Robert E. Sherwood won the coveted Pulitzer Prize for his allegory-like satire Idiot's Delight. Metro-Goldwyn-Mayer purchased the film rights to the play, and commissioned Sherwood himself to adapt his play to the screen. The result is this astoundingly poignant classic, which features Norma Shearer and Clark Gable in the third and last of their radiant screen pairings. Harry Van (Gable) is a vaudevillian touring all of Europe with his musical troupe `Les Blondes.' The group is forced to stay in an exclusive Alpine hotel when the European borders are closed due to the possible coming of war. A German doctor (Charles Coburn), a French pacifist (Burgess Meredith), an English honeymoon couple (Peter Willes and Pat Paterson), and an Italian officer (Joseph Schildkraut) are lodging in the hotel as well. And also checking in are munitions manufacturer Achille Weber (Edward Arnold) and a beautiful traveling companion of his named Irene (Shearer). Irene, it seems, reminds Harry of an old girlfriend of his, with whom he had shared a special relationship ten years before in Omaha, Nebraska. But she was a redhead, and spoke with no accent. Irene, however, is a platinum blonde, and has a very clear Russian accent. Still, Harry wonders if it could be the same woman. As Harry pursues Irene, probing her complex web of stories to find out about her past, the war develops rather suddenly. A nearby airfield sends out its bombers, and the garbled radio broadcasts carry the fearful news: war has already been declared. As quickly as the guests assembled, they must depart, as the frontiers are opened for perhaps the last time. But Harry is unwilling to go until he is sure, and Irene is unwilling to divulge
One of the countless films from 1939 to help it earn the nickname of `the greatest year in movie history,' Idiot's Delight is both acerbically funny and tragically distressing. Although the original 1936 play and the film version both predate World War II, the threat of war was a very real fear, a sentiment quite powerfully expressed via the disparate, sundry characters. It is startling and even more meaningful all these years after the war, as one can easily see how many of the unfortunate predictions came to glaring truth.

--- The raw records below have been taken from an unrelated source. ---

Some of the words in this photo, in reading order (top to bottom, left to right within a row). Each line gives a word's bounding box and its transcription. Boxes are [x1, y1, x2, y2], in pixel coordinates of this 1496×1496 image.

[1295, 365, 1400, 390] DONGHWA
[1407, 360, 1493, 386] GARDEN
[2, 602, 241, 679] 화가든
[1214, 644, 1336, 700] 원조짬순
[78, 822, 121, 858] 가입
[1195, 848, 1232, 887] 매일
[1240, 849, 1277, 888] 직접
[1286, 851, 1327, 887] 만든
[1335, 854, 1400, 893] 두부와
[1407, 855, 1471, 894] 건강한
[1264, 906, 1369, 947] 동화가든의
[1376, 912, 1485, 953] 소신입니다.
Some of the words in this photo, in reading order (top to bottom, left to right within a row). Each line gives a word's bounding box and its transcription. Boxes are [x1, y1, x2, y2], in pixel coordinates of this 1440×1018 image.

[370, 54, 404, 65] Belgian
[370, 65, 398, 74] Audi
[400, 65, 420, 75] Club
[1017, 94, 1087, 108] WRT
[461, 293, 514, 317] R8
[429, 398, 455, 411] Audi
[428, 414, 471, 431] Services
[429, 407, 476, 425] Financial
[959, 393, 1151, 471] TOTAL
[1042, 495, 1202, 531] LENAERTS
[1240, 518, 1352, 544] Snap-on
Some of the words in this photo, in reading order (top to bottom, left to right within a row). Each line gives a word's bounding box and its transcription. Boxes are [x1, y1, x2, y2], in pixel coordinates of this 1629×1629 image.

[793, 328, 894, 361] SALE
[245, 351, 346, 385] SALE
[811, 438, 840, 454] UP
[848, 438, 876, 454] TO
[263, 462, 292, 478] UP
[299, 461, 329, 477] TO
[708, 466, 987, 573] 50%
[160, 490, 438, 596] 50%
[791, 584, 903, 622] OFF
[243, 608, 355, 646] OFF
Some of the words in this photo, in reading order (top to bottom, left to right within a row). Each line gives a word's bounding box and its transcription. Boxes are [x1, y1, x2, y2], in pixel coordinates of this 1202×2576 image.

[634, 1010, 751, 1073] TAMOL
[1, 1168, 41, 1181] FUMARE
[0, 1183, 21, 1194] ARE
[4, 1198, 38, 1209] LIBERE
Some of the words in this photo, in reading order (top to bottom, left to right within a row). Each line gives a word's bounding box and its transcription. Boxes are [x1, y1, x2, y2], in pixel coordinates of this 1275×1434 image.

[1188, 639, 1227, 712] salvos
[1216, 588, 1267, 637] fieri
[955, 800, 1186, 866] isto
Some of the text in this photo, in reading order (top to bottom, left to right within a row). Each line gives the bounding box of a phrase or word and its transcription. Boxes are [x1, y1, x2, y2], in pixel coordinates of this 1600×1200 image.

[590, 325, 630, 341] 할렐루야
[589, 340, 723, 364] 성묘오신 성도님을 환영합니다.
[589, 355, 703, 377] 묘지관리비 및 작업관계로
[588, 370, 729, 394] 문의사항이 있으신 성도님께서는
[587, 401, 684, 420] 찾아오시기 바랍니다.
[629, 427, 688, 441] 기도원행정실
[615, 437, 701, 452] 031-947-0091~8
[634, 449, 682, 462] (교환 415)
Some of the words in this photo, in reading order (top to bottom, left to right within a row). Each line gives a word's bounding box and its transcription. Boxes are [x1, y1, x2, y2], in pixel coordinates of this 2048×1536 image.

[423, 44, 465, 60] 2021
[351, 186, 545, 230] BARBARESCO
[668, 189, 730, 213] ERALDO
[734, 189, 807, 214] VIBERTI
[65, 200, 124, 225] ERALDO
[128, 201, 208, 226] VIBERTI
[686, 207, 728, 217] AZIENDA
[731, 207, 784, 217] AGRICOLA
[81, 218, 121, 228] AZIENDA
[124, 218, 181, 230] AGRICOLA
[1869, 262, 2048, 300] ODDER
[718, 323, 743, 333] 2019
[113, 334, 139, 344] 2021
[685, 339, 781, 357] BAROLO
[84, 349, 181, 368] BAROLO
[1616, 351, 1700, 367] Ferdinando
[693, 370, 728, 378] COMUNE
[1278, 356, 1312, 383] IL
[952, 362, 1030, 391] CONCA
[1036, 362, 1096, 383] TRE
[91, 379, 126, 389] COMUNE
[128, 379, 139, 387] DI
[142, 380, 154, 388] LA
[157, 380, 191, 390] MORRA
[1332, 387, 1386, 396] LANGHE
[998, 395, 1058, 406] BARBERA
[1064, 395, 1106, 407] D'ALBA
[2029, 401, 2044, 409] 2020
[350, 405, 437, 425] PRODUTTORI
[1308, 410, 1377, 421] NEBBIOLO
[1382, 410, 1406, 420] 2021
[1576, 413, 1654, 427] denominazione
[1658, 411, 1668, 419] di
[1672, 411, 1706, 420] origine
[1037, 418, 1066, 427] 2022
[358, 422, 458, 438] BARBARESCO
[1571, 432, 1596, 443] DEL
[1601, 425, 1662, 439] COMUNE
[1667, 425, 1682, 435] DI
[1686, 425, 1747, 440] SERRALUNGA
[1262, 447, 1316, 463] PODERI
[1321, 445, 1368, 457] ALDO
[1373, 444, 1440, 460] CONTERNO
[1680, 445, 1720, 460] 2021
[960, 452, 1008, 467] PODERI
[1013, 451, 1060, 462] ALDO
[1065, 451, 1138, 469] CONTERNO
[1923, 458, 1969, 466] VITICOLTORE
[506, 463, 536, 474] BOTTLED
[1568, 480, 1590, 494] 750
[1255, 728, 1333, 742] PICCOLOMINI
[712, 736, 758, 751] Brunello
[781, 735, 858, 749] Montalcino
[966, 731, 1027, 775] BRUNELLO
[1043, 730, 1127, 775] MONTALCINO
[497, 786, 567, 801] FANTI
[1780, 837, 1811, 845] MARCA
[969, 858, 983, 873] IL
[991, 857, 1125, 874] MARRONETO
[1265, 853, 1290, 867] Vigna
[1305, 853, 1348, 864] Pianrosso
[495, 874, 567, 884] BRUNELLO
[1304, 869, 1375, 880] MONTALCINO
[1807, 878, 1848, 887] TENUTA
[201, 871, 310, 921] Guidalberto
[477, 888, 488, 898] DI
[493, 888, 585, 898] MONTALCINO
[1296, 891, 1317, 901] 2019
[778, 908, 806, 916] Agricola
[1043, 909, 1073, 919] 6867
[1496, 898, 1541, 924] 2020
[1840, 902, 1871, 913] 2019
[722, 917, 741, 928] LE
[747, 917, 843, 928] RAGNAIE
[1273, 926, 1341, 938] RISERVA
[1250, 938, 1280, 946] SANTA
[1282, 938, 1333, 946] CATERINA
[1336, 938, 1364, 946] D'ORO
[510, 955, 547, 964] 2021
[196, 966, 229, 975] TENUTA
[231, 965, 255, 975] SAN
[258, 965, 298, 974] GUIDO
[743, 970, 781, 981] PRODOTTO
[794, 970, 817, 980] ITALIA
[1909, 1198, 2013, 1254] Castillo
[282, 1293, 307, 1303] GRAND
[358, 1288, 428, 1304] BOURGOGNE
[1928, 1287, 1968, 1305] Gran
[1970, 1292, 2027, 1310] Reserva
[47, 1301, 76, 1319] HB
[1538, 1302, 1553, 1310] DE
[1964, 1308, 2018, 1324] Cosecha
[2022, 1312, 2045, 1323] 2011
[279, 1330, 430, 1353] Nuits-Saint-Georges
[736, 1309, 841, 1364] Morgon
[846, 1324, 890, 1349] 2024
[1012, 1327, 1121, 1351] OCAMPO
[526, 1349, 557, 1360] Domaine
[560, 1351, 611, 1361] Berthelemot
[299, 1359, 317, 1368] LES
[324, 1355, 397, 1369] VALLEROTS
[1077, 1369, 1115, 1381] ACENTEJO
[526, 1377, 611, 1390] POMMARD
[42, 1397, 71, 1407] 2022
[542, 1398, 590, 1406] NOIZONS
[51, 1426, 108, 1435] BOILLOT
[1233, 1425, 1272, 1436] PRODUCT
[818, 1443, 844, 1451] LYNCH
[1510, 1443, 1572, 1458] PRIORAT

But aside from dramatic poignancy, the two lead performances catapult this film to first-rate status. Shearer is brilliant, quite plainly. She spoofs her number one rival Greta Garbo mercilessly, and uses her accent to its hilarious apex. When she tells her story to Harry, and he just gazes at her, incredulously staring, hilarity reaches its peak! She has turned in so many fine performances, that it is hard to single out any one as her finest (Juliet in Romeo and Juliet, the title role in Marie Antoinette, Elizabeth Barrett Browning in The Barretts of Wimpole Street, her Oscar-winning role in The Divorcée, and Amanda in Private Lives are all strong contenders), but her Irene is certainly amongst the competitors. Gable, in a role that requires quite a lot of singing and dancing, succeeds admirably. He is a perfect Harry Van, complimenting perfectly with Shearer. The two have fantastic chemistry, and this was the last of the three classics they starred in together.
****side note****respected Shearer biographer Gavin Lambert singled this out as his favorite of all of the star's pictures. In one vignette he illustrates in his biography of Norma Shearer, he describes an occasion where the actress herself invited him to a private screening of the film in the 1970s.